What the exercise asks —
Please repeat the whole listing exactly, but leave out any picture it holds.

Data to process —
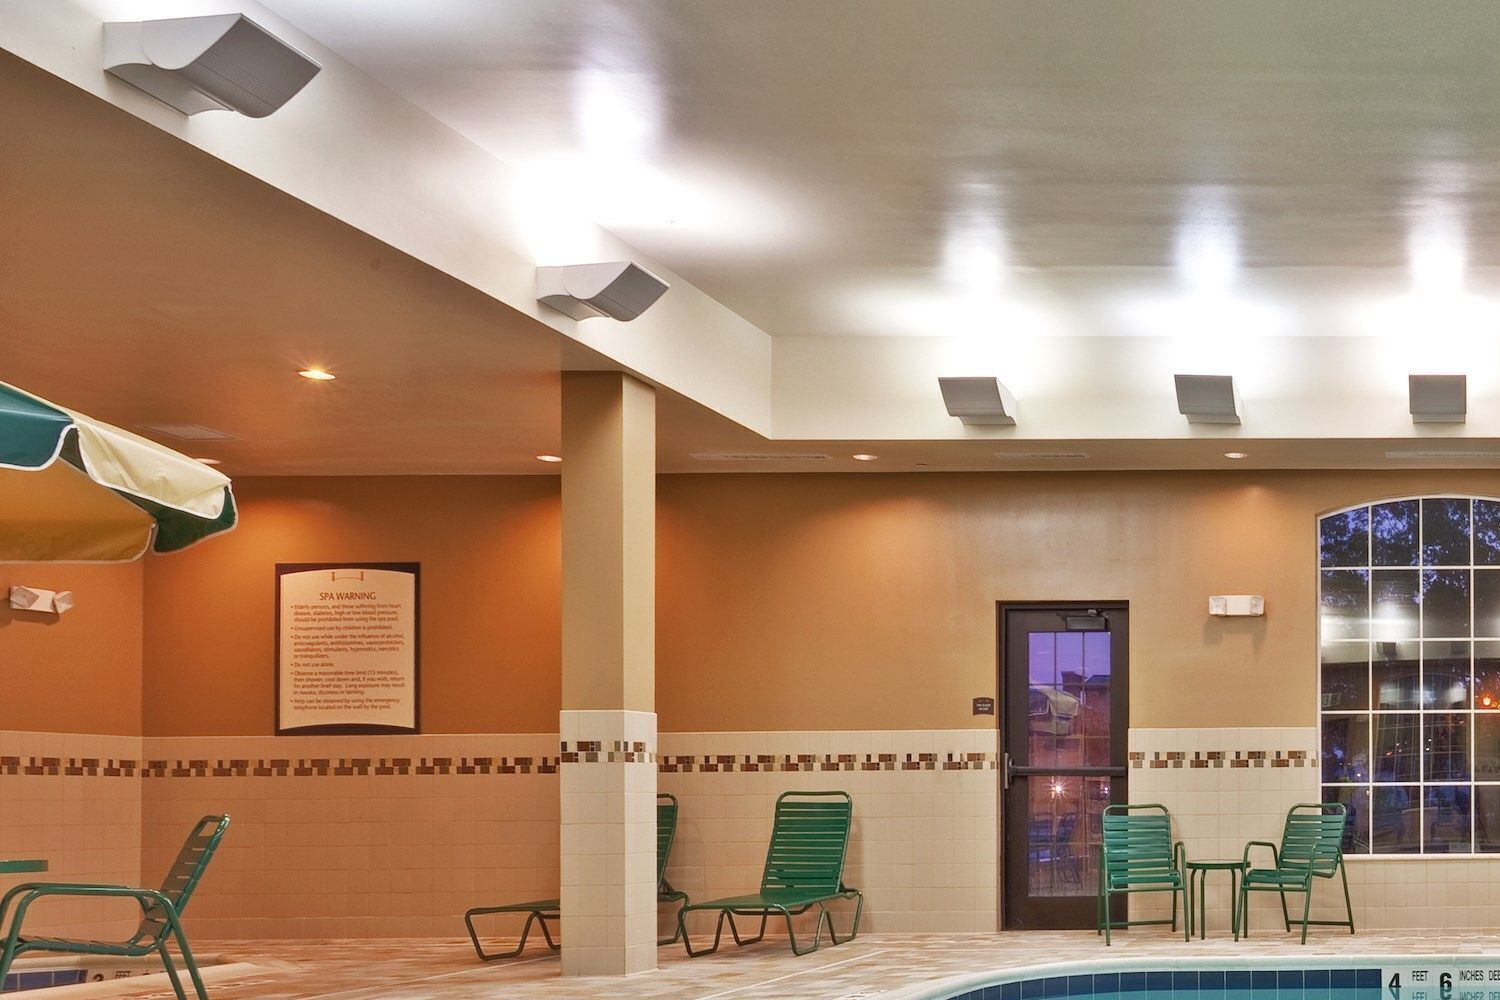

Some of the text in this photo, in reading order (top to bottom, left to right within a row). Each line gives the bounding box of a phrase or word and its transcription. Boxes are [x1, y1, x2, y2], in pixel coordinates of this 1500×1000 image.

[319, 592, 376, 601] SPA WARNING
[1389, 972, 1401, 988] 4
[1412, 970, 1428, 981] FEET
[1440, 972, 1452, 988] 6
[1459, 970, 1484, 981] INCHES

Answer for the task —
Some of the text in this photo, in reading order (top to bottom, left to right within a row). Each line gives the bounding box of a phrase or word and its transcription. Boxes are [x1, y1, x2, y2], in pixel coordinates of this 1500×1000 image.

[319, 592, 376, 601] SPA WARNING
[1389, 972, 1401, 988] 4
[1412, 970, 1428, 981] FEET
[1440, 972, 1452, 988] 6
[1459, 970, 1484, 981] INCHES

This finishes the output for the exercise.